Word for word, return each entry that follows, with every image removed.

::::

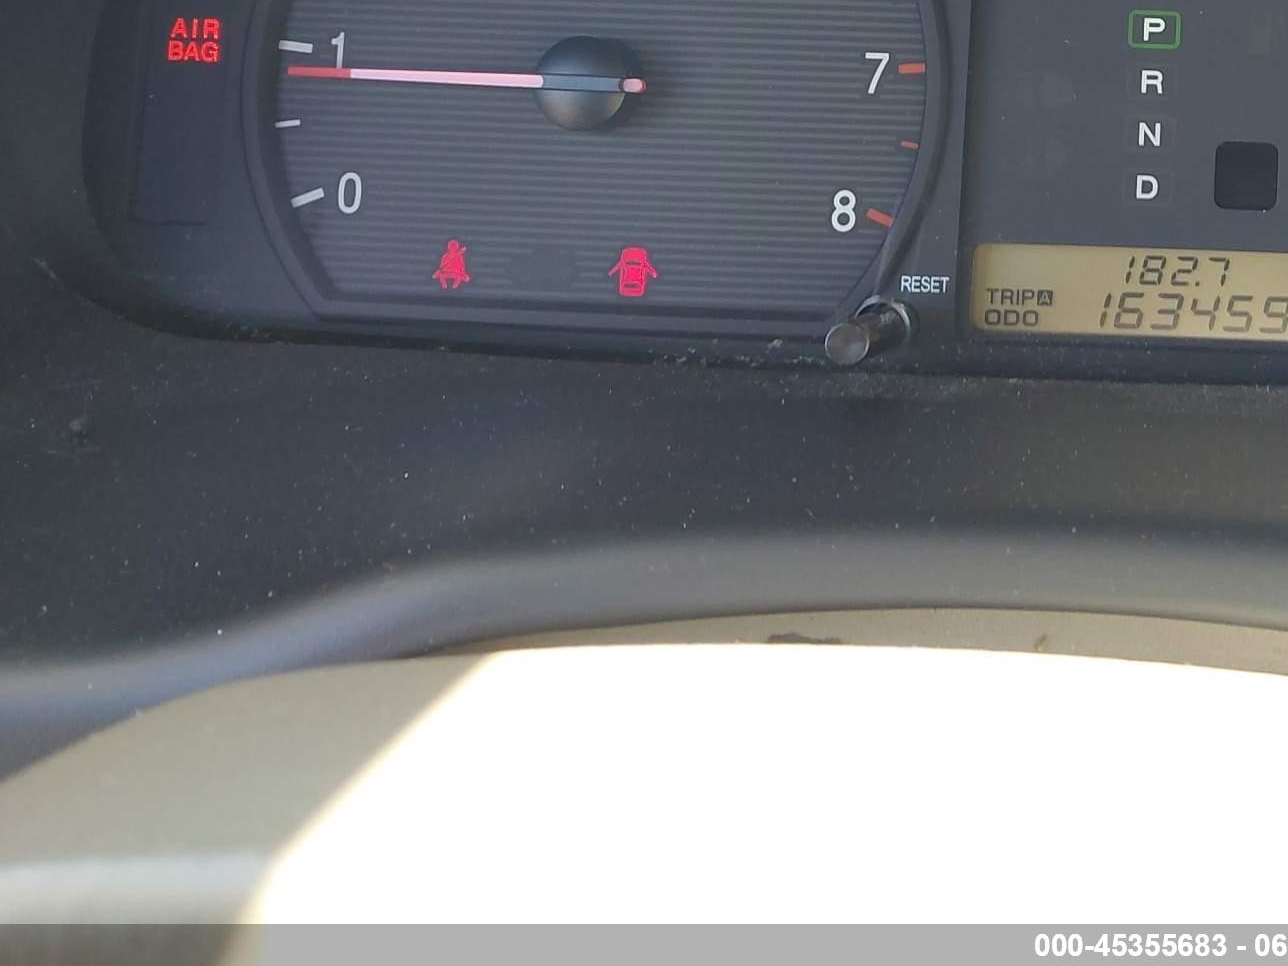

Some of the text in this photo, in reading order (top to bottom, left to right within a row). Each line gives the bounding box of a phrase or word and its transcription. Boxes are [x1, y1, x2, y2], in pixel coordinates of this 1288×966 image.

[170, 18, 221, 38] AIR
[1143, 18, 1166, 41] P
[167, 41, 219, 62] BAG
[329, 31, 346, 69] 1
[864, 52, 890, 95] 7
[1141, 71, 1163, 94] R
[1139, 124, 1161, 146] N
[337, 173, 362, 214] 0
[1136, 176, 1159, 199] D
[831, 190, 857, 232] 8
[1123, 256, 1230, 287] 182.7
[900, 276, 949, 294] RESET
[984, 310, 1039, 327] ODO
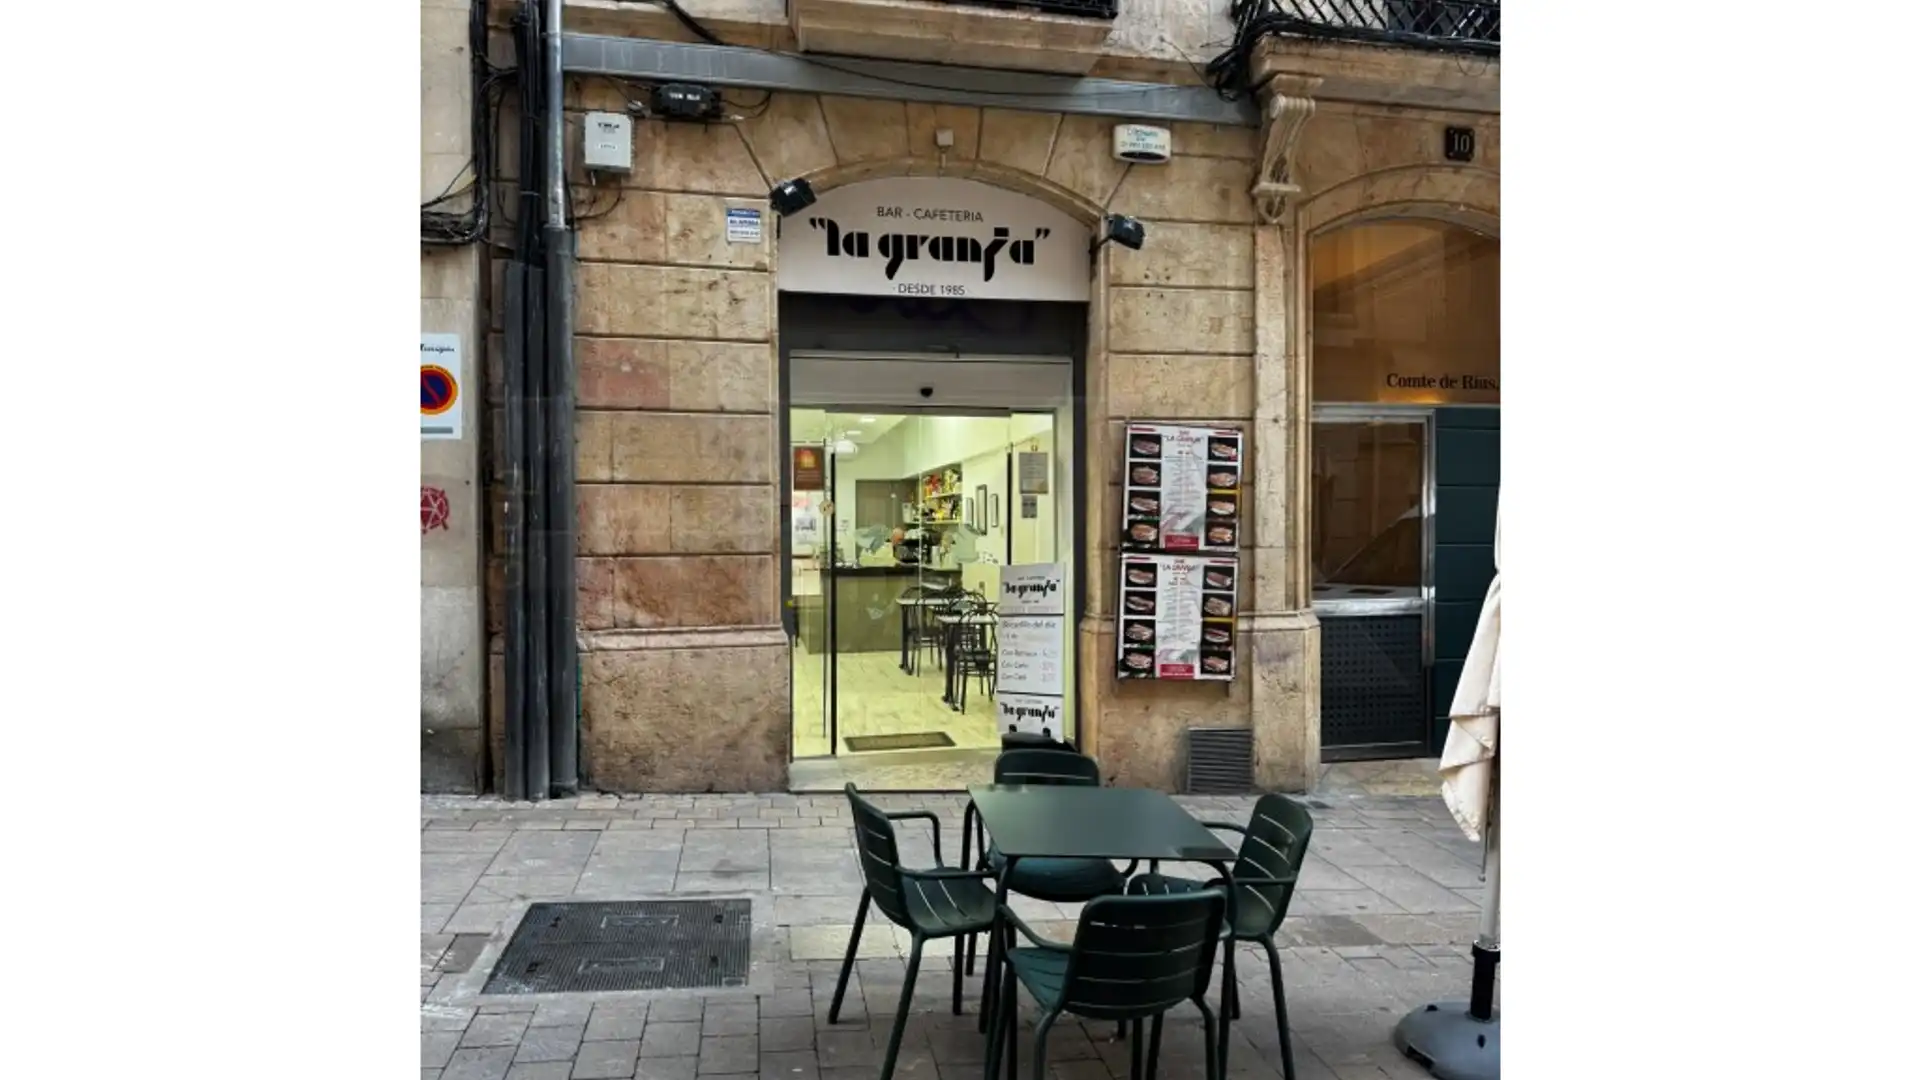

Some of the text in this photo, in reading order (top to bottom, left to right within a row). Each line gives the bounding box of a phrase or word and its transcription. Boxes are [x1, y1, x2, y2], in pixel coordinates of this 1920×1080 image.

[1453, 133, 1471, 153] 10
[876, 206, 902, 218] BAR
[913, 208, 984, 222] CAFETERIA
[898, 283, 965, 296] DESDE 1985
[1386, 373, 1437, 388] Comte
[1440, 374, 1459, 389] de
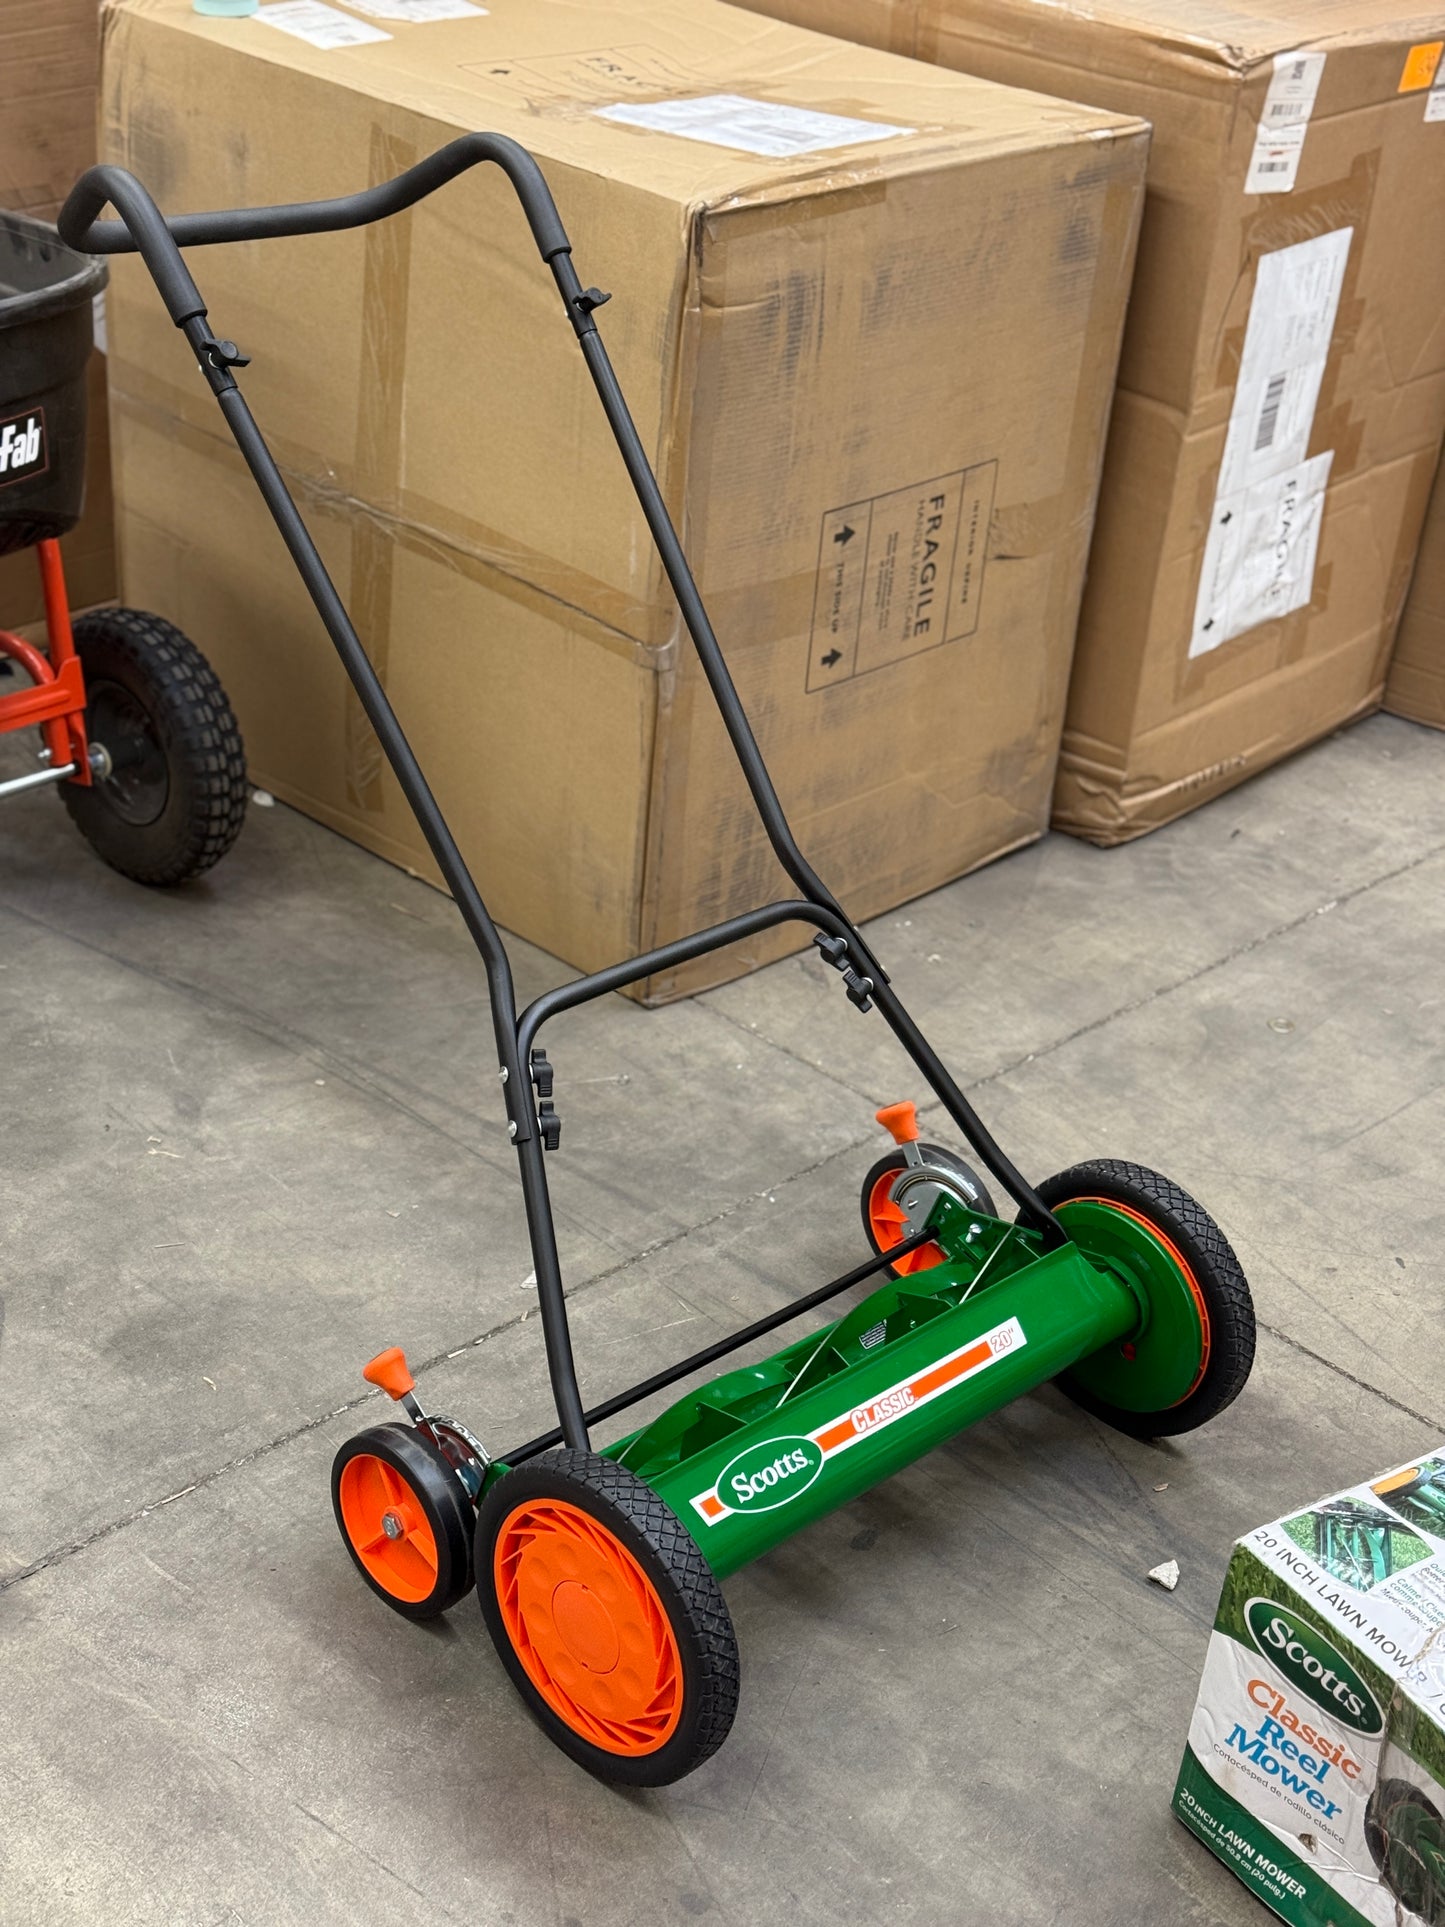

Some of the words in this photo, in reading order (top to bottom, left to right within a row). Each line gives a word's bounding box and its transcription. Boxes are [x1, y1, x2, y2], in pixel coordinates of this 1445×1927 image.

[0, 417, 41, 473] Fab
[911, 498, 925, 560] HANDLE
[835, 561, 844, 587] THIS
[906, 562, 918, 602] WITH
[913, 493, 945, 637] FRAGILE
[830, 617, 839, 635] UP
[902, 603, 914, 641] CARE
[731, 1448, 808, 1503] Scotts
[1254, 1531, 1277, 1548] 20
[1276, 1548, 1319, 1585] INCH
[1317, 1584, 1367, 1629] LAWN
[1262, 1618, 1366, 1716] Scotts
[1247, 1679, 1361, 1779] Classic
[1255, 1716, 1331, 1784] Reel
[1213, 1743, 1268, 1788] Cortacésped
[1269, 1786, 1282, 1797] de
[1283, 1796, 1312, 1819] rodillo
[1313, 1818, 1345, 1845] clásico
[1224, 1723, 1342, 1820] Mower
[1180, 1787, 1195, 1806] 20
[1194, 1804, 1218, 1828] INCH
[1218, 1824, 1255, 1859] LAWN
[1255, 1854, 1307, 1899] MOWER
[1216, 1836, 1225, 1848] de
[1225, 1844, 1241, 1861] 50.8
[1240, 1859, 1252, 1872] cm
[1250, 1868, 1265, 1881] (20
[1263, 1880, 1286, 1900] pulg.)

::::

- THE ANSWER:
Some of the text in this photo, in reading order (top to bottom, left to right within a row). Each line gives the bounding box of a phrase or word and its transcription. Boxes are [x1, y1, x2, y2], in pixel coordinates of this 1288×966 image.

[170, 18, 221, 38] AIR
[1143, 18, 1166, 41] P
[167, 41, 219, 62] BAG
[329, 31, 346, 69] 1
[864, 52, 890, 95] 7
[1141, 71, 1163, 94] R
[1139, 124, 1161, 146] N
[337, 173, 362, 214] 0
[1136, 176, 1159, 199] D
[831, 190, 857, 232] 8
[1123, 256, 1230, 287] 182.7
[900, 276, 949, 294] RESET
[984, 310, 1039, 327] ODO

Some of the text in this photo, in reading order (top to bottom, left to right within a row). Each line gives the bounding box of a phrase or word and its transcription. Boxes are [x1, y1, x2, y2], in pixel coordinates of this 1920×1080 image.

[1453, 133, 1471, 153] 10
[876, 206, 902, 218] BAR
[913, 208, 984, 222] CAFETERIA
[898, 283, 965, 296] DESDE 1985
[1386, 373, 1437, 388] Comte
[1440, 374, 1459, 389] de

Some of the words in this photo, in reading order (top to bottom, left to right within a row). Each line gives a word's bounding box and its transcription. Boxes are [x1, y1, x2, y2], in pixel coordinates of this 1445×1927 image.

[0, 417, 41, 473] Fab
[911, 498, 925, 560] HANDLE
[835, 561, 844, 587] THIS
[906, 562, 918, 602] WITH
[913, 493, 945, 637] FRAGILE
[830, 617, 839, 635] UP
[902, 603, 914, 641] CARE
[731, 1448, 808, 1503] Scotts
[1254, 1531, 1277, 1548] 20
[1276, 1548, 1319, 1585] INCH
[1317, 1584, 1367, 1629] LAWN
[1262, 1618, 1366, 1716] Scotts
[1247, 1679, 1361, 1779] Classic
[1255, 1716, 1331, 1784] Reel
[1213, 1743, 1268, 1788] Cortacésped
[1269, 1786, 1282, 1797] de
[1283, 1796, 1312, 1819] rodillo
[1313, 1818, 1345, 1845] clásico
[1224, 1723, 1342, 1820] Mower
[1180, 1787, 1195, 1806] 20
[1194, 1804, 1218, 1828] INCH
[1218, 1824, 1255, 1859] LAWN
[1255, 1854, 1307, 1899] MOWER
[1216, 1836, 1225, 1848] de
[1225, 1844, 1241, 1861] 50.8
[1240, 1859, 1252, 1872] cm
[1250, 1868, 1265, 1881] (20
[1263, 1880, 1286, 1900] pulg.)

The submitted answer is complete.